The exclusion of children from the school environment, either on a fixed-term or a permanent basis, is a disciplinary tool used in primary and secondary schools throughout the United Kingdom. Such exclusion is usually instigated following an infringement of the school’s behavioural policy where precipitating factors may include physical assault, verbal abuse, threatening or racist behaviour, bullying, theft, or sexual misconduct (Department for Children, Schools and Families, 2009). The overriding aim of any exclusion policy is to deter misbehaviour, thereby fostering a safe and productive academic environment.

Pupils with special educational needs (SEN) are more likely to be permanently excluded than pupils without SEN (Department for Children, Schools and Families, 2009).

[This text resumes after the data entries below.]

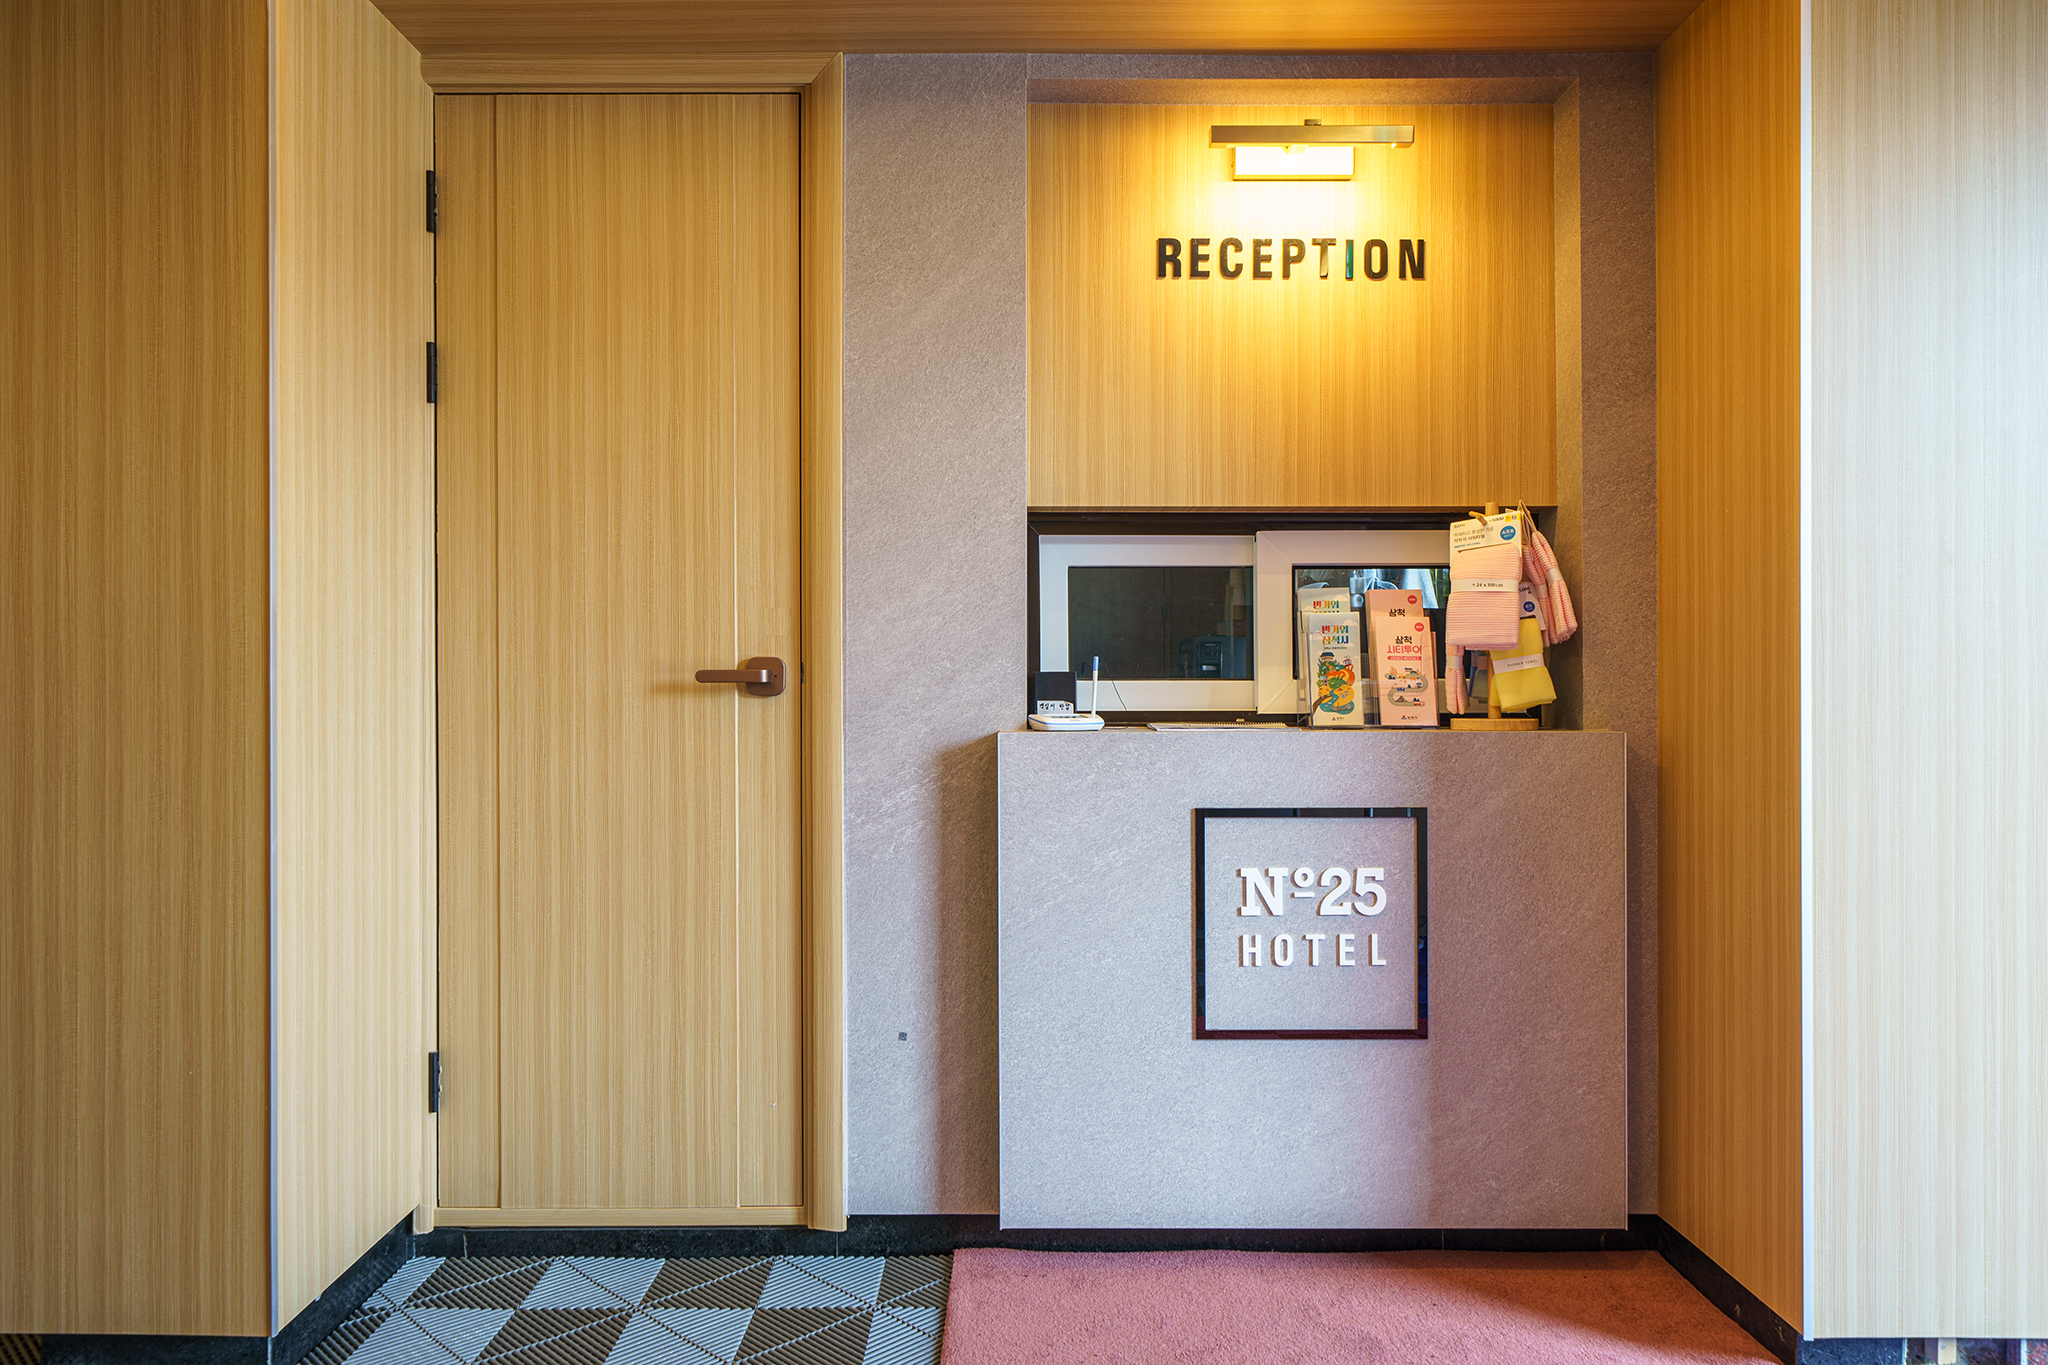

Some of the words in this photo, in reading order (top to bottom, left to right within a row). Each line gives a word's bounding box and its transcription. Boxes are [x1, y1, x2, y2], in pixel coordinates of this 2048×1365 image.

[1156, 237, 1425, 280] RECEPTION
[1389, 608, 1405, 617] 삼척
[1395, 636, 1412, 644] 삼척
[1387, 645, 1422, 654] 시티투어
[1239, 933, 1387, 967] HOTEL

While the term SEN covers a range of physical and neurological conditions, from cystic fibrosis to hearing impairment, it may also include children with psychiatric disorders such as attention-deficit/hyperactivity disorder (ADHD), conduct disorder (CD), oppositional defiant disorder (ODD), and others, all of which may be characterized by disruptive behaviour (CHADD, 2005).

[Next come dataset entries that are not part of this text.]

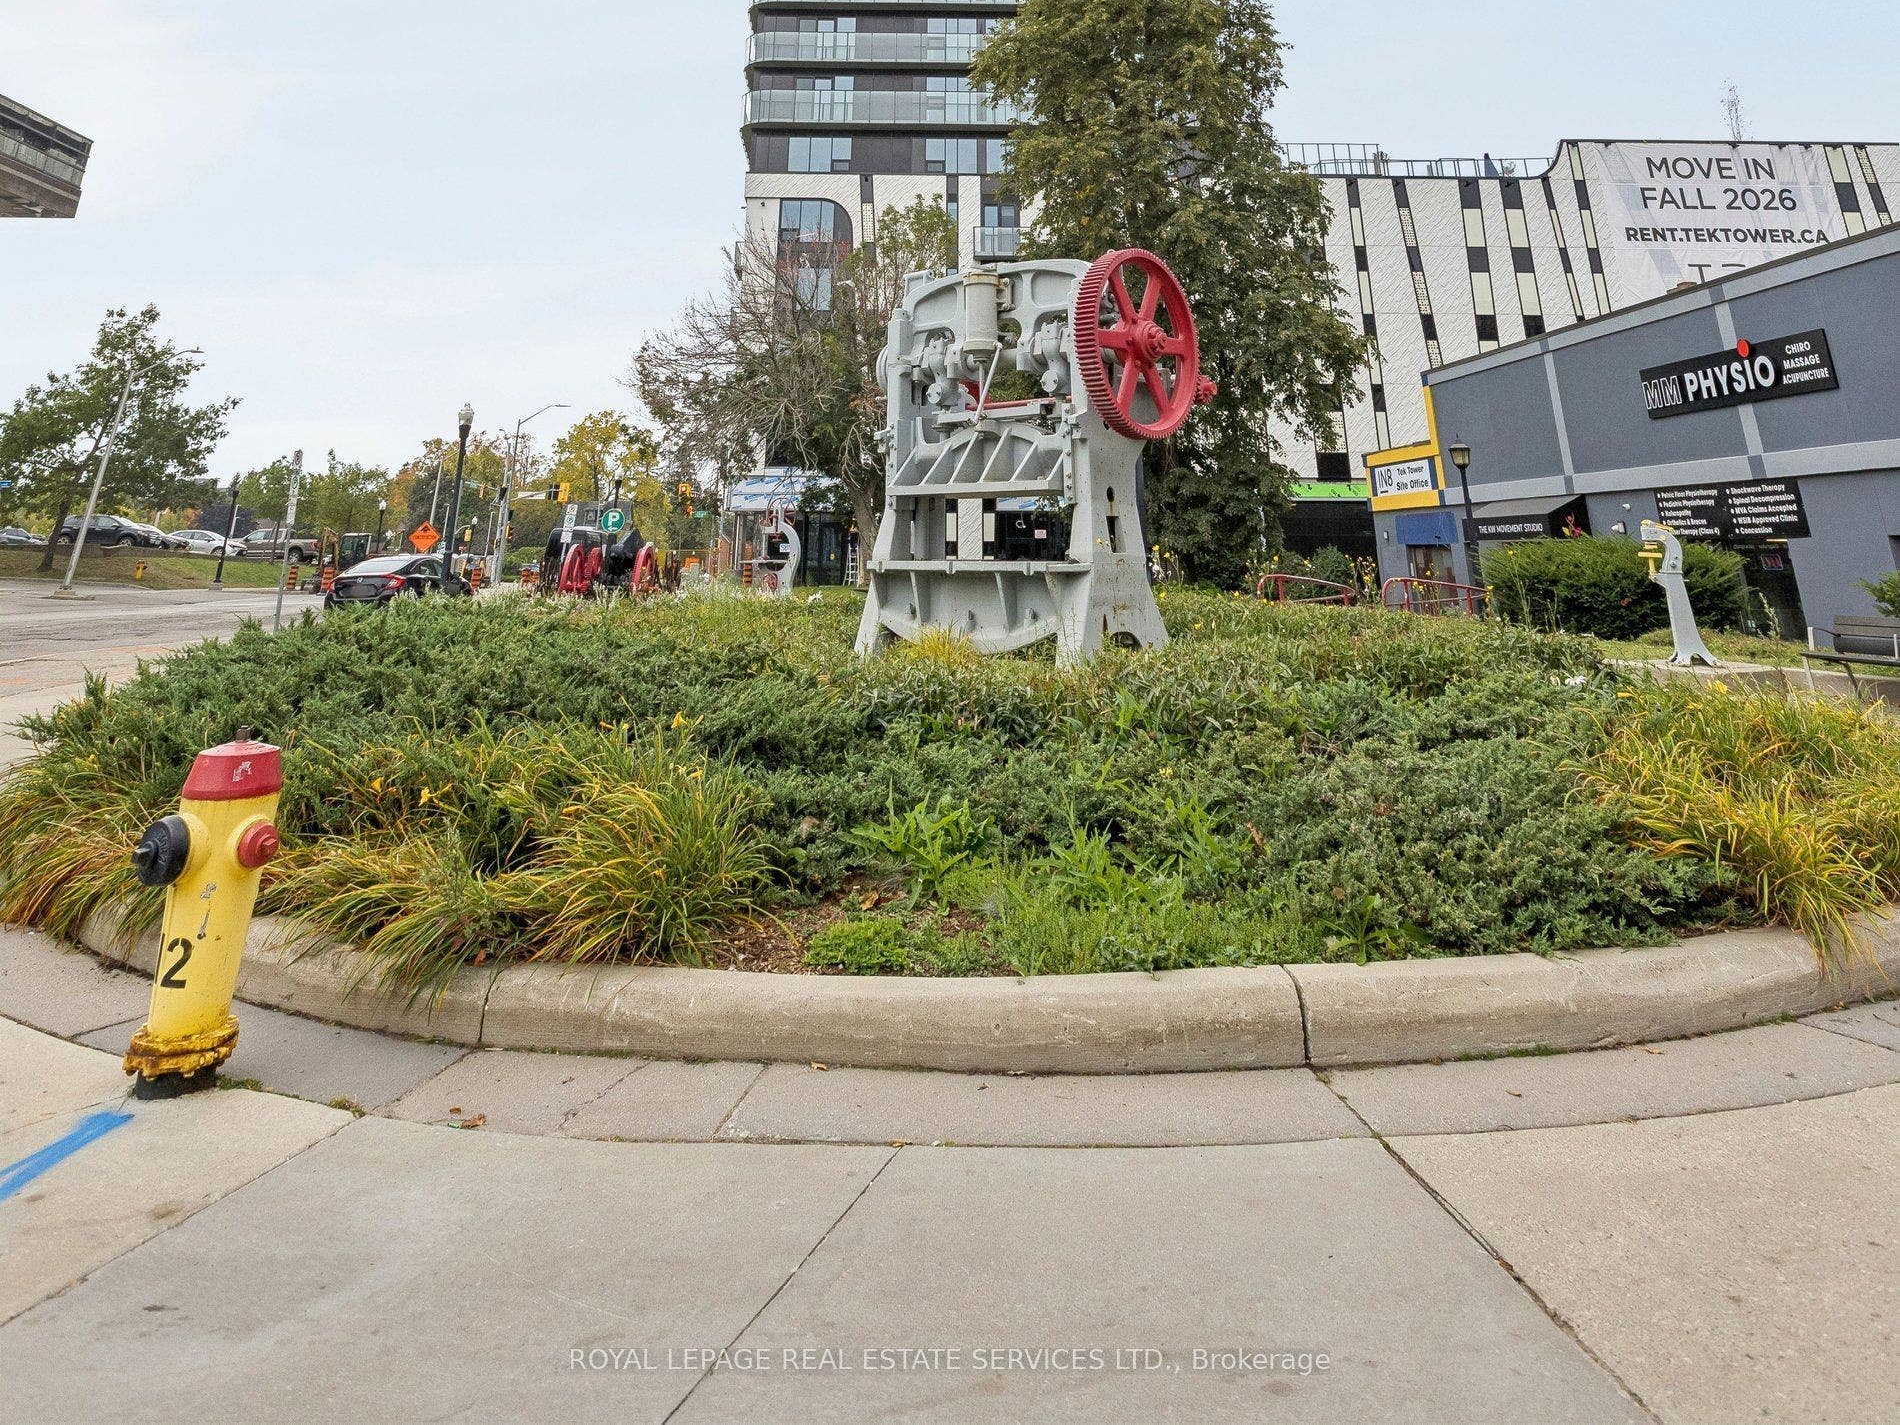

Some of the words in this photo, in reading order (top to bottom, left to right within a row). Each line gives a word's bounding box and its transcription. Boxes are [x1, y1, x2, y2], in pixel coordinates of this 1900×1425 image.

[1645, 156, 1736, 180] MOVE
[1743, 158, 1776, 180] IN
[1639, 186, 1716, 209] FALL
[1722, 187, 1797, 211] 2026
[1624, 226, 1831, 244] RENT.TEKTOWER.CA
[1784, 341, 1811, 355] CHIRO
[1782, 353, 1821, 370] MASSAGE
[1641, 375, 1683, 410] MM
[1684, 354, 1775, 402] PHYSIO
[1782, 367, 1830, 385] ACUPUNCTURE
[1396, 467, 1407, 476] Tek
[1407, 466, 1424, 475] Tower
[1377, 468, 1394, 489] IN8
[1396, 481, 1409, 491] Site
[1409, 479, 1429, 489] Office
[1730, 486, 1761, 495] Shockwave
[1761, 484, 1785, 492] Therapy
[1732, 496, 1750, 505] Spinal
[1750, 493, 1796, 503] Decompression
[1747, 505, 1768, 513] Claims
[1768, 504, 1798, 513] Accepted
[1752, 515, 1780, 524] Approved
[1780, 514, 1799, 522] Clinic
[1478, 525, 1488, 534] THE
[1487, 525, 1496, 533] KW
[1496, 524, 1523, 533] MOVEMENT
[1524, 523, 1544, 532] STUDIO
[1740, 526, 1773, 535] Concussion

In this article, I will examine the role of underlying behavioural disorders in school exclusion and specifically explore the potential role of ADHD in disruptive behaviours. The over-arching intent of this effort is to encourage continued debate among all stakeholders in this important issue that affects children and impacts their potential and incurs a significant societal cost.

During the 2010/2011 academic year in England, there were 304,370 fixed-term exclusions and 5,170 permanent exclusions from primary, secondary, and special schools (Department for Children, Schools and Families, 2012).

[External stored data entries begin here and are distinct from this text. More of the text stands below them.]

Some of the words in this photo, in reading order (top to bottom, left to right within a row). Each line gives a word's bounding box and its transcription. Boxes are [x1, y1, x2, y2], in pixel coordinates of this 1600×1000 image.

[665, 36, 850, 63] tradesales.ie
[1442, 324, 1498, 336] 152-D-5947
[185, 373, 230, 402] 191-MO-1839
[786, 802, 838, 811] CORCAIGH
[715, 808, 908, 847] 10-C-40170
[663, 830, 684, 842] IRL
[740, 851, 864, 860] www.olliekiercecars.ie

Persistent disruptive behaviour – The need for a definition

”Persistent disruptive behaviour” is a term that is widely used in the exclusion process, although there is no standardized definition that appears to have been agreed upon. Indeed, the literature review demonstrated that the term has been used to cover a spectrum of behaviours, from calling-out in class, annoying/distracting other students, and general attention seeking, to more aggressive actions.

For both, fixed and permanent types of exclusion, “persistent disruptive behaviour” was most commonly cited as the reason for exclusion, accounting for 24.1% of fixed-term exclusions and 32.9 of permanent exclusions in 2010/2011 (Department for Children, Schools and Families, 2012). .
In current practice, persistent disruptive behaviour appears to be applied to a range of pervasive and to some extent predictable, consistently inappropriate behaviours rather than one-off actions such as a physical or verbal assault or damage of property. However, if the definition varies from school to school, it follows that there may be significant variation in the criteria being applied when making the decision to exclude a pupil, and this may make interpretation of inter-school comparisons of exclusion statistics difficult. The data presented in Figure 3 show the incidence of permanent exclusion attributable to persistent disruptive behaviour across a number of LEAs in England. LEAs were selected solely on the basis of data availability. Disruptive behaviour was repeatedly listed among the most common reasons for permanent exclusion. However, no definition of the term was provided by any LEA.

School Exclusions: The Role of Behavioural Disorders and ADHD

\ADHD is one of the most common childhood neurodevelopmental disorders, estimated to affect between 3% and 9% of school-age children and young people in the United Kingdom (NICE, 2009). A recognized neurobehavioural disorder (American Academy of Paediatrics, 2000), ADHD is typically characterized by symptoms such as “failure to give close attention to schoolwork,” an “inability to listen when spoken to directly” or “follow through on instructions” and a “tendency to leave a classroom without permission” (Table 2; DSM-IV; American Psychiatric Association [APA], 2000). Such symptoms closely resemble the types of disruptive behaviours associated with school exclusion. If symptoms are manifested over a prolonged period of time, these behaviours may place a child at risk of exclusion, especially if the underlying cause of these behaviours is not recognized and appropriately managed.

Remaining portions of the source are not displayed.